India, May, 2026 — Barracuda Networks, Inc., a leading global cybersecurity company providing complete cyber resilience made easy to buy, deploy and use for all size business, today released the 2026 Email Threats Report. New findings from Barracuda Research, the threat intelligence arm of Barracuda, show that AI‑driven social engineering and phishing‑as‑a‑service are accelerating both the volume and effectiveness of email attacks, enabling adversaries to scale credential‑phishing operations and increase the success rate of targeted campaigns.
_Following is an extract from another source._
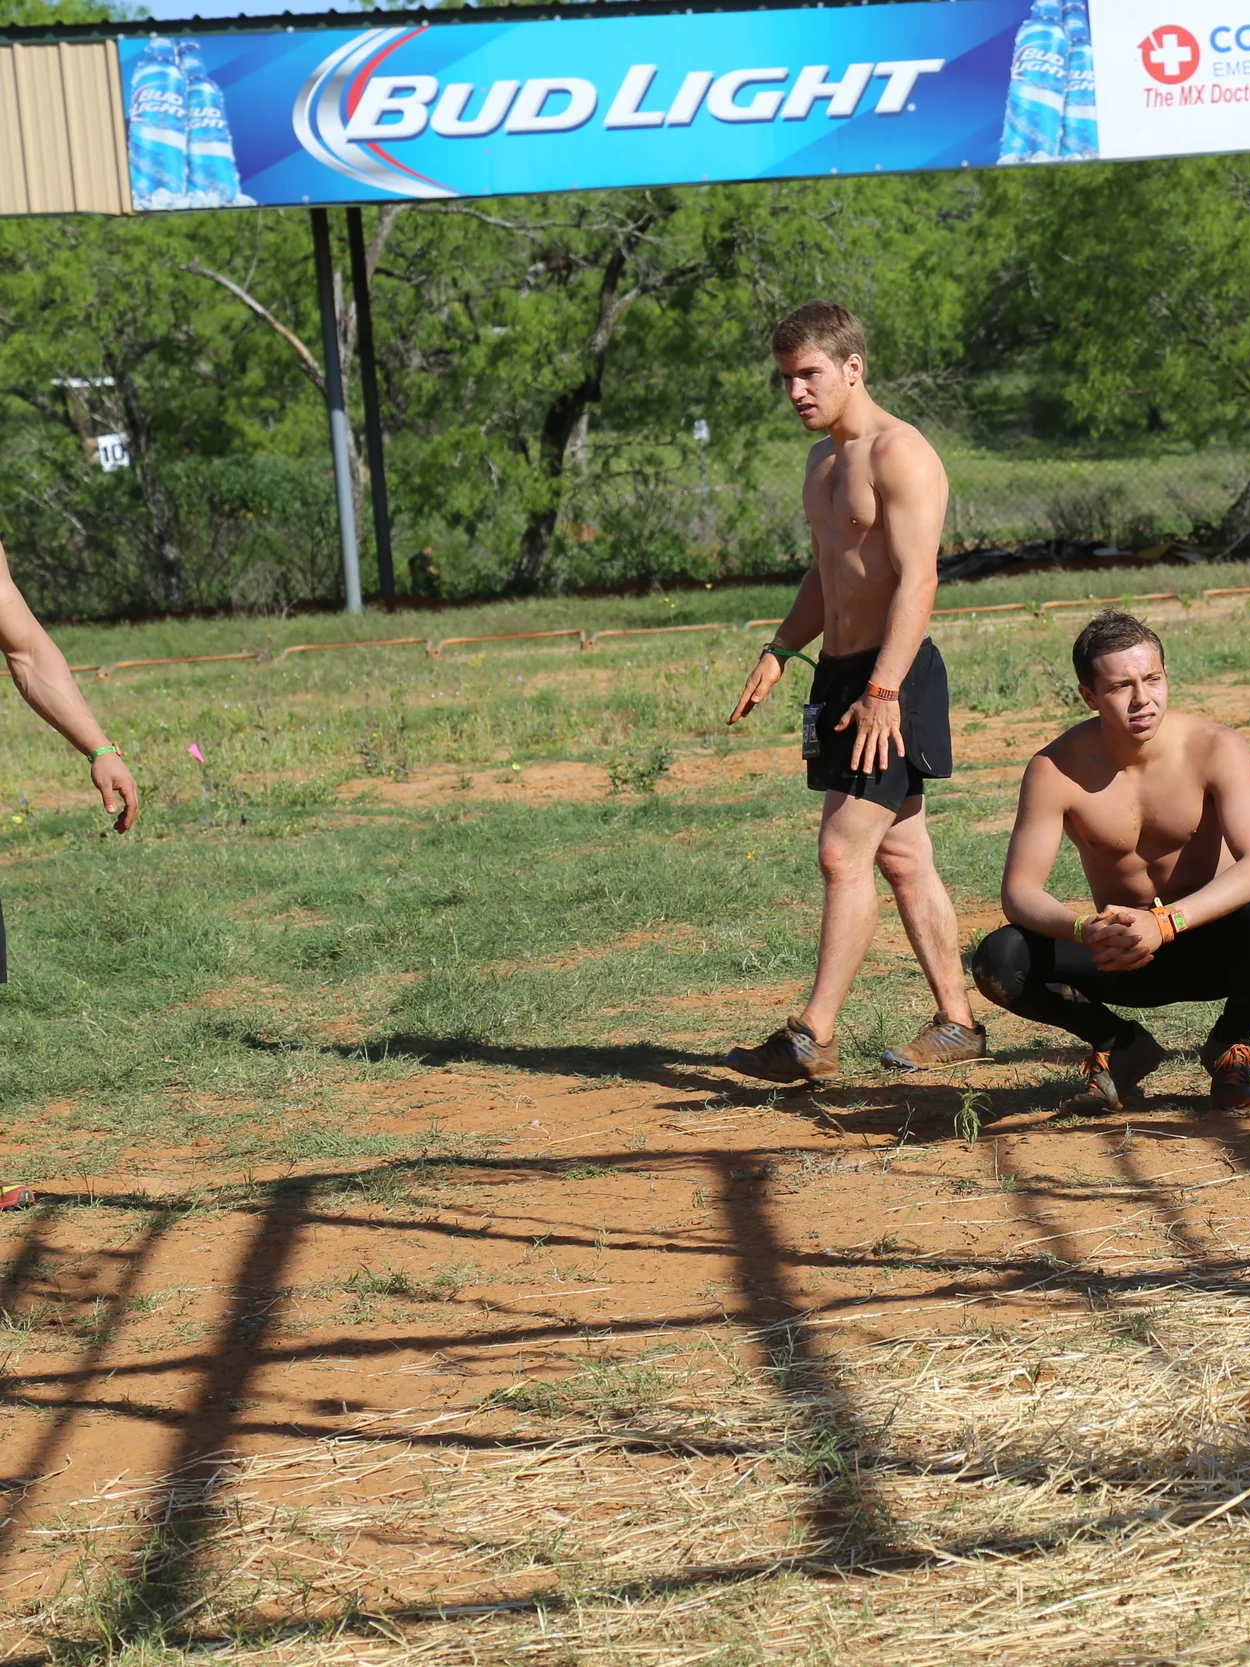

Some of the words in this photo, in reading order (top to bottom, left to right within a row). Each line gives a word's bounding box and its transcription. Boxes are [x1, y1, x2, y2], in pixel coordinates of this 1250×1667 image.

The report also highlights a shift in attacker tactics, with threat actors moving from file‑based payloads to URL‑based delivery and embedding QR codes in trusted document formats to disguise malicious destinations. Attackers are further exploiting account takeover techniques to bypass traditional defenses and deliver highly convincing messages from compromised inboxes, underscoring the need for integrated, multilayered email protection.
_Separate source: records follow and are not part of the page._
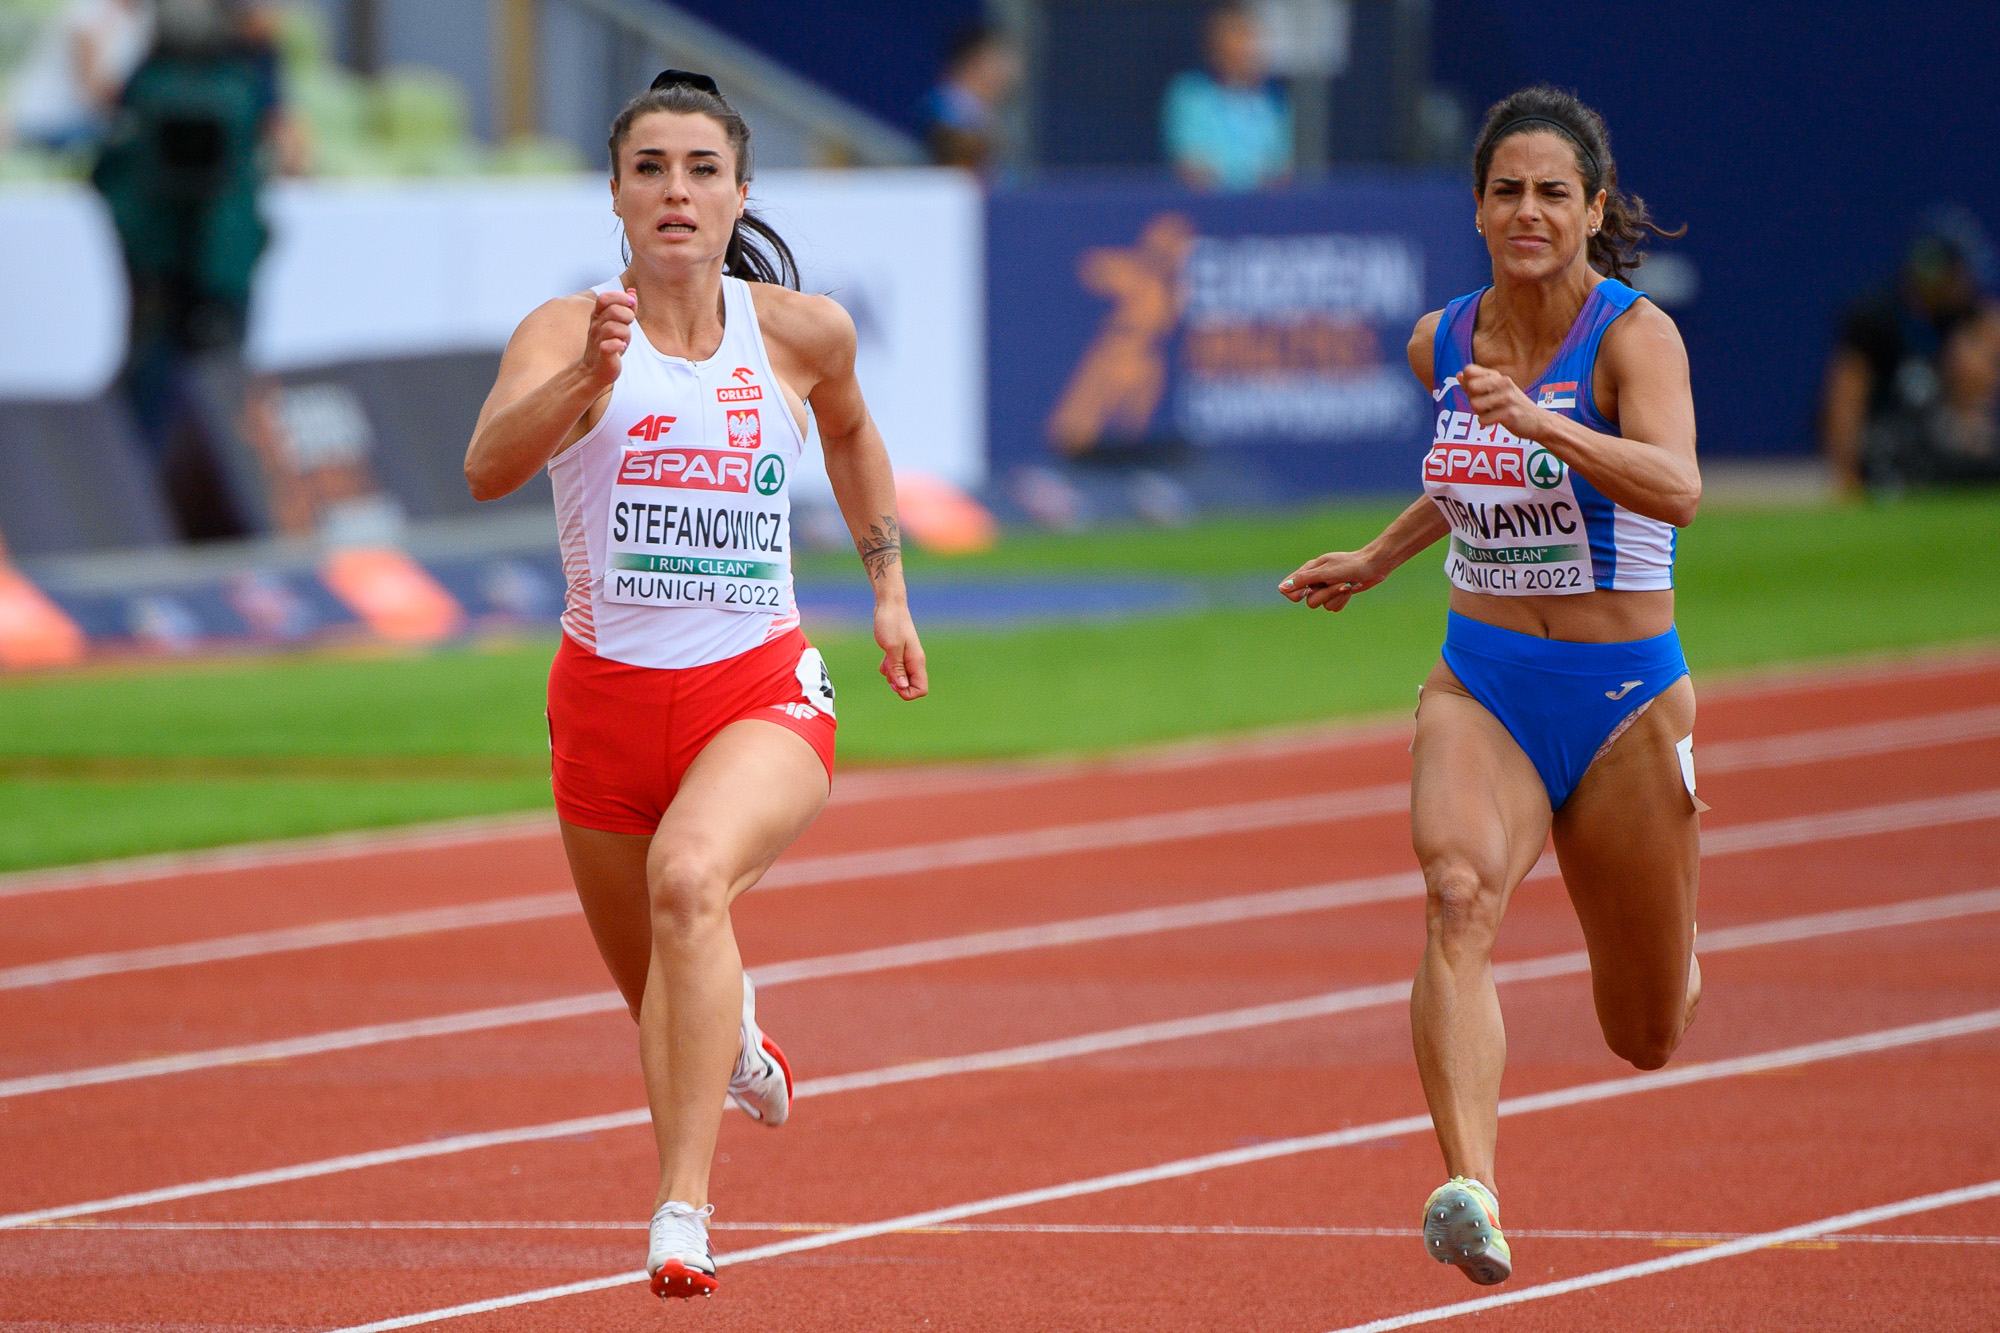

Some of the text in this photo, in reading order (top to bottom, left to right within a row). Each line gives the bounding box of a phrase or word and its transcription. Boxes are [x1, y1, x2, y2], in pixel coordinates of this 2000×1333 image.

[718, 386, 761, 401] ORLEN
[628, 414, 677, 441] 4F
[622, 453, 749, 488] SPAR
[1428, 448, 1522, 481] SPAR
[613, 501, 783, 553] STEFANOWICZ
[1433, 496, 1577, 539] TIRNANIC
[659, 557, 694, 572] RUN
[1468, 548, 1494, 561] RUN
[1451, 559, 1582, 589] MUNICH 2022
[616, 576, 780, 606] MUNICH 2022
Based on global telemetry collected in January 2026, Barracuda Research analyzed more than 3.1 billion emails, looking at malicious, spam or otherwise unwanted emails to quantify these trends and assess their impact on organizations worldwide. Findings include:
- 1 in 3 email messages are malicious or unwanted spam
- 48% of malicious email activity is phishing
- 34% of companies experience at least one account takeover incident every month
- More than 10% of HTML attachments are malicious
- 70% of malicious PDFs contain QR codes leading to phishing websites
- 90% of high-volume phishing campaigns used phishing-as-a-service kits
“Email is no longer just a communication channel — it’s the front line of identity, trust and business continuity,” said Merium Khalid, Director of SOC Offensive Security, Office of the CTO, Barracuda. “As attackers industrialize phishing with AI and phishing‑as‑a‑service, the future of defense must evolve just as quickly. Organizations that stay ahead will prioritize integrated email security layered with identity protection and automated response as part of a broader, resilience-driven strategy. When prevention, rapid detection and automated incident response work together, businesses can reduce risk, limit the impact of account compromise and maintain continuity even as threats accelerate.”